Thursday, October 24th, 2013 | Author: Lilly
In the latest Public Culture, Arvind Rajagopal argues that media studies has long been dominated with the American concerns that gave birth to the field: media as object, and therefore, media use, media effects, media reception. Key concepts tend to take form from the dominant American research cases and other global cases and insights tend to be no more than supplement, unable to to supplant the dominance of the American frames of analysis. The insights, then, “tend to migrate to other fields.”
See the excerpt of “Putting America in its Place” (with link to the full piece) here at Duke’s website
He points to how the concern with democracy and empowerment as obvious examples of American cold war political values smuggled in as theoretical questions posed of media. This question came up last year at femtechnet as a concern with whether the politics of handing someone a camera and giving them a “voice” really counts as a critical project anymore in the age of youtube and self-performance as brand building. Biella Coleman’s IR14 keynote argued that Anonymous’ political value is precisely in the tactics of invisibility they employ here in the age of big data and PRISM. The politics of invisibility couldn’t be more different from a politics of voice, or politics of recognition. Not to say these modes are invalid, but that the question ought to be open. We oughtn’t just hand people video cameras to tell their stories and assume that is a priori awesome or important.
Empowerment, the other project Rajagopal refers to, is wholly co-opted in America. And I’m not sure it ever wasn’t, if Barbara Cruikshank’s argument is to be believed.

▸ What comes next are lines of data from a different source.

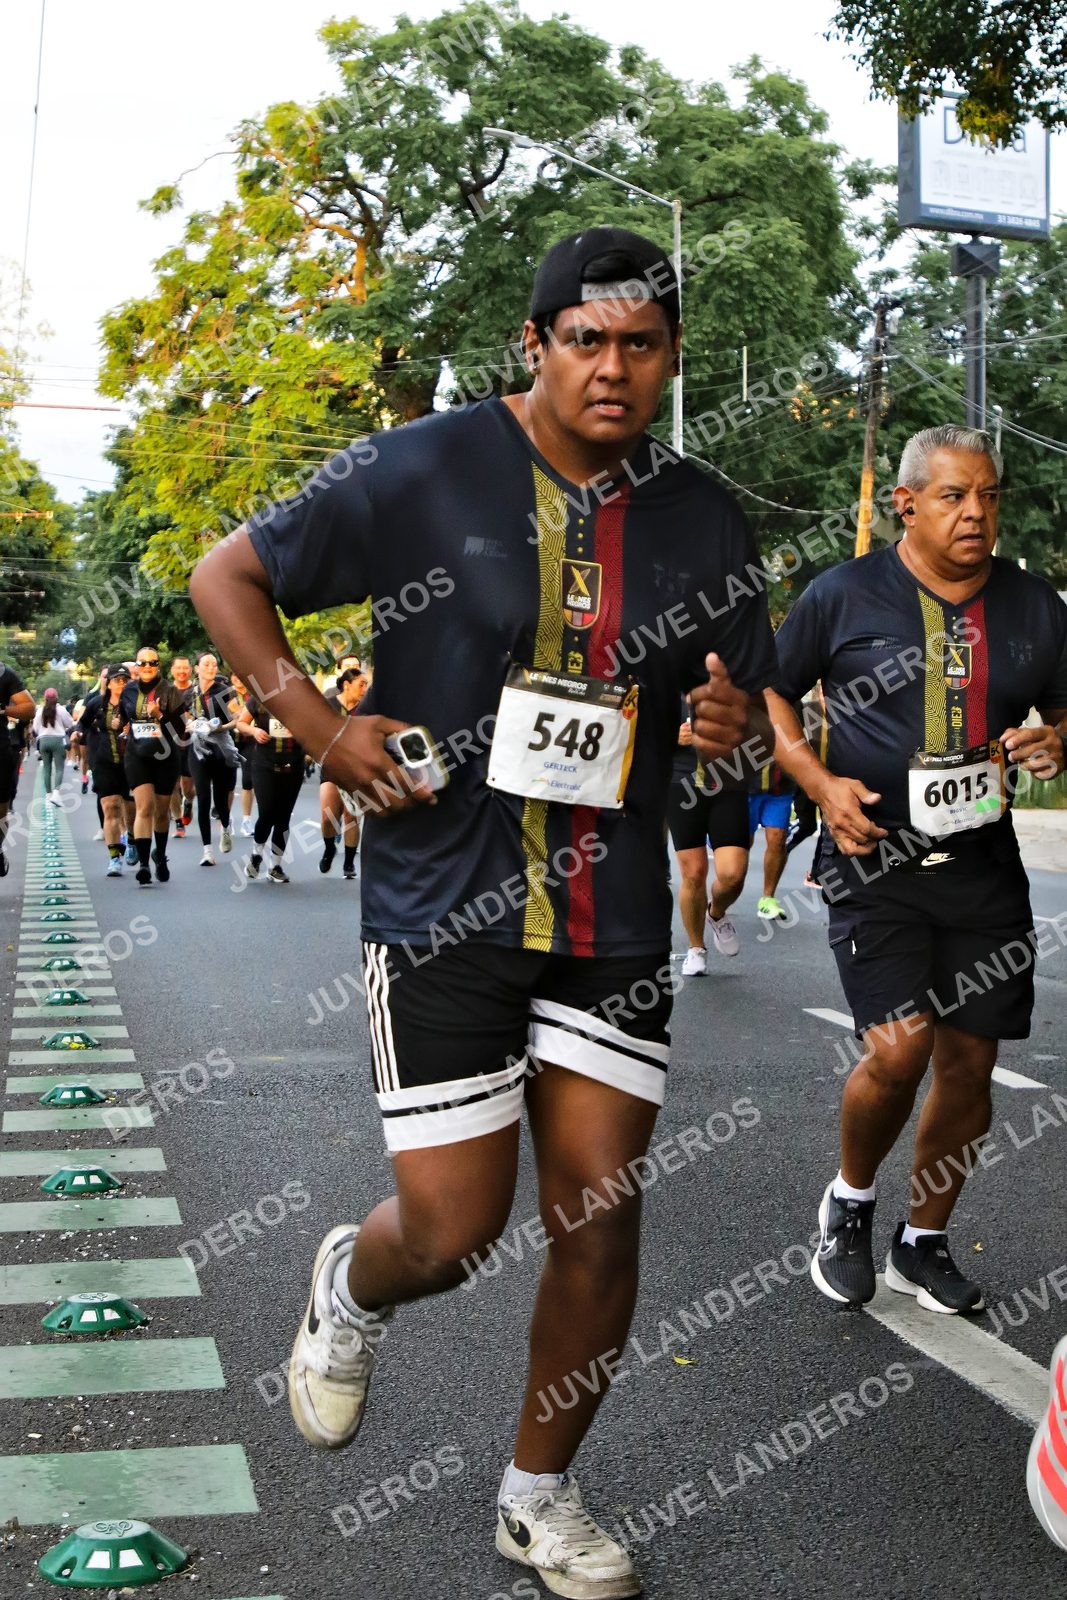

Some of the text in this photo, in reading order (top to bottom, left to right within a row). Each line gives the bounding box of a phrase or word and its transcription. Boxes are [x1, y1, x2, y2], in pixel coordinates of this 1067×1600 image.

[558, 678, 588, 691] NEGROS
[527, 711, 604, 761] 548
[924, 771, 989, 808] 6015
[927, 853, 951, 861] NIKE
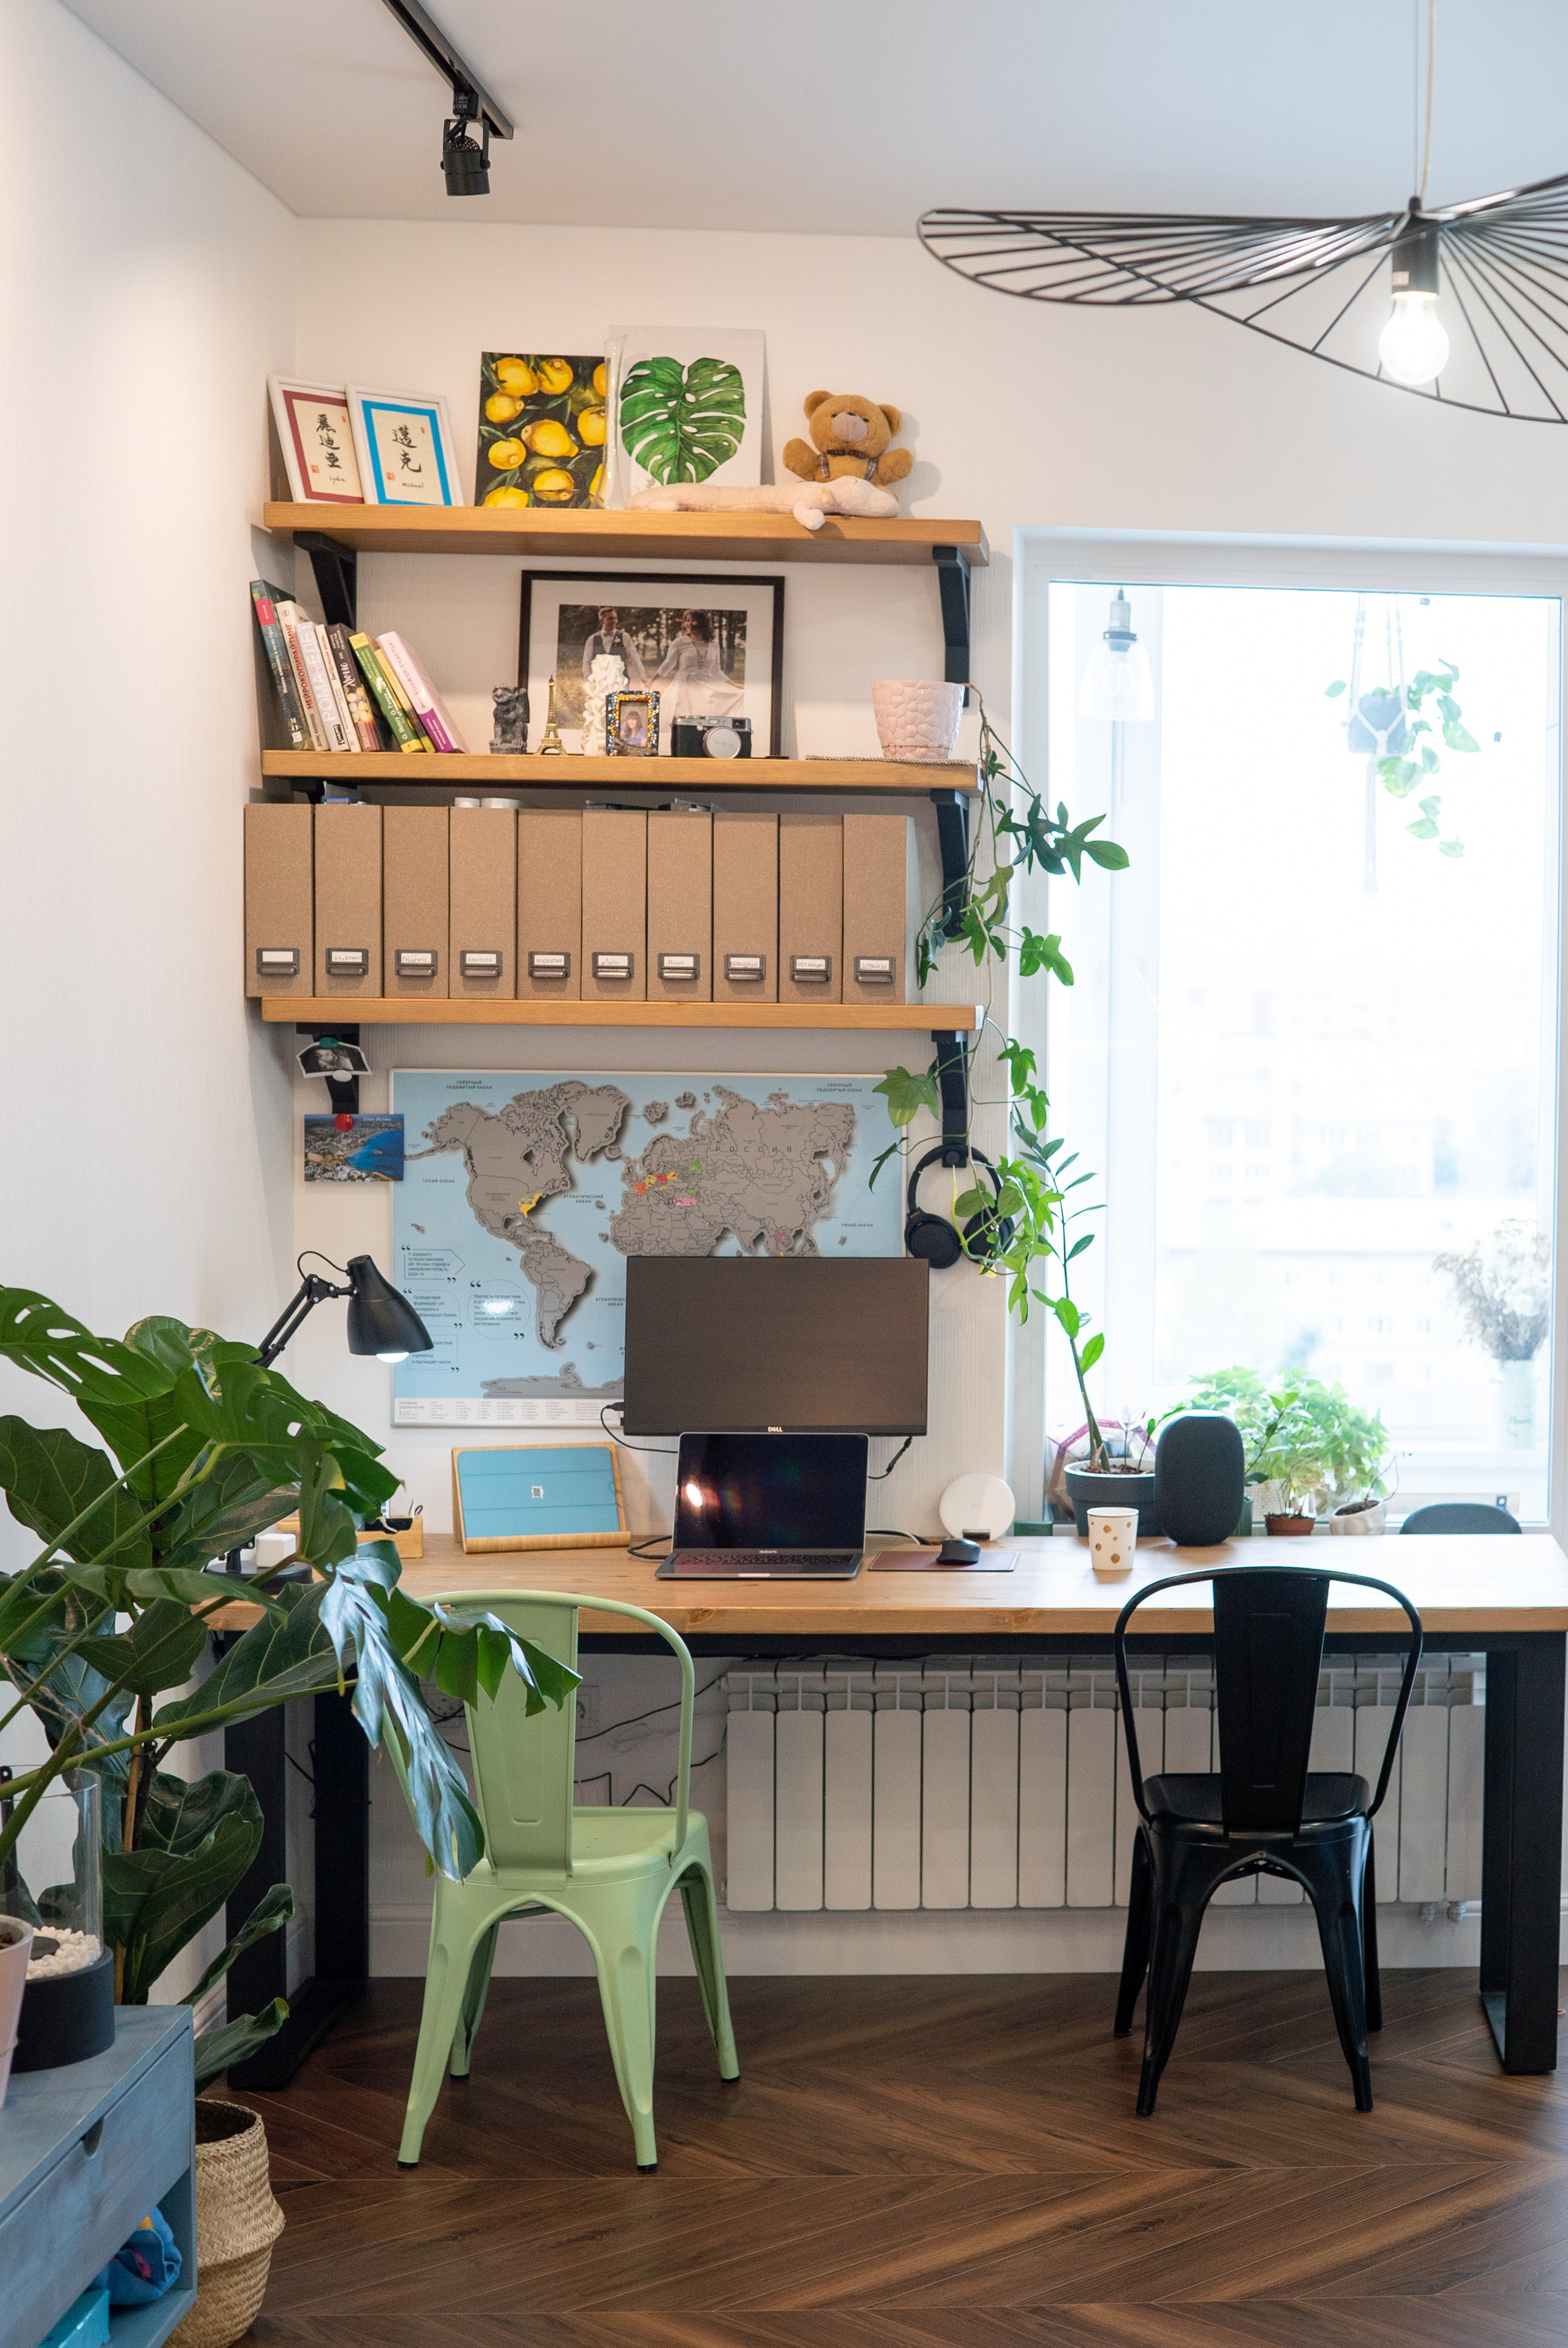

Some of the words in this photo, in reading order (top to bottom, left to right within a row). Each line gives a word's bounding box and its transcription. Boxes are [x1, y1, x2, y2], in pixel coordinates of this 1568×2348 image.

[283, 622, 314, 709] НЕЙРОКОПИРАЙТИНГ
[309, 671, 339, 722] РОМА
[391, 715, 407, 733] Henry

Cruikshank’s Will to Empower argued that empowerment comes out of 1960s US state projects to domesticate roiling civil unrest into a safer form.) So what should critical and political projects that we embed ourselves in look like now? What kinds of politics are people articulating athwart and through media in different parts of the world?
This argument is relevant not only to media studies, but also to STS. How are STS imaginations limited by the way the field focuses on science and technology? Science and technology are historical categories that delimited the bounds of the civilized, modern world. Technology, for example, came into being as a form of boundary work, purifying the “useful arts” of those skills and knowledges practiced by women, colonized people, and American black people. So purified, technoscience can have masculine modest witnesses and builders of industrial and patentable achievements. STS, like media studies, is an object-oriented field.
So can we look at the kind of cultural work science and technology do in the contemporary world? Itty Abraham explains the implications well in his piece The Contradictory Spaces of Postcolonial Technoscience. In India, he argues, science exists “as myth, as political slogan, as social category, as technology, as military institution, as modern western knowledge, and, as instrument of change.” Abraham argues that postcolonial science studies can’t be an “indigenous” science studies project, but rather needs to take into account the global relationalities of unequally distributed scientific and technological eminence. Then we can begin to see science and technology as categories that are themselves contingent and the product of social processes. Seeing them as contingent, we might be able to see them otherwise. Worry less about epistemology and ontology, more about social categories and how they change, or legitimacies of technoscience and their effects. Then we may be able to respond to Laura Foster’s #4s2013 call to decolonize innovation by examining technoscientific moorings and smuggled humanisms… (Notice I didn’t say “answer” the call. No answers here. Just ways to proceed.) Patent laws make assumptions about what kinds of people actually “intend” to invent, or whose practices actually count as discovery rather than common sense. In India, celebrations of Silicon Valley entrepreneurship and policies to stimulate small-scale rural entrepreneurs cast halos upon one another in a way that isn’t exactly STS but depends, in India, on the myth of technoscience.
What do you see as the limits of STS as an object-focused field?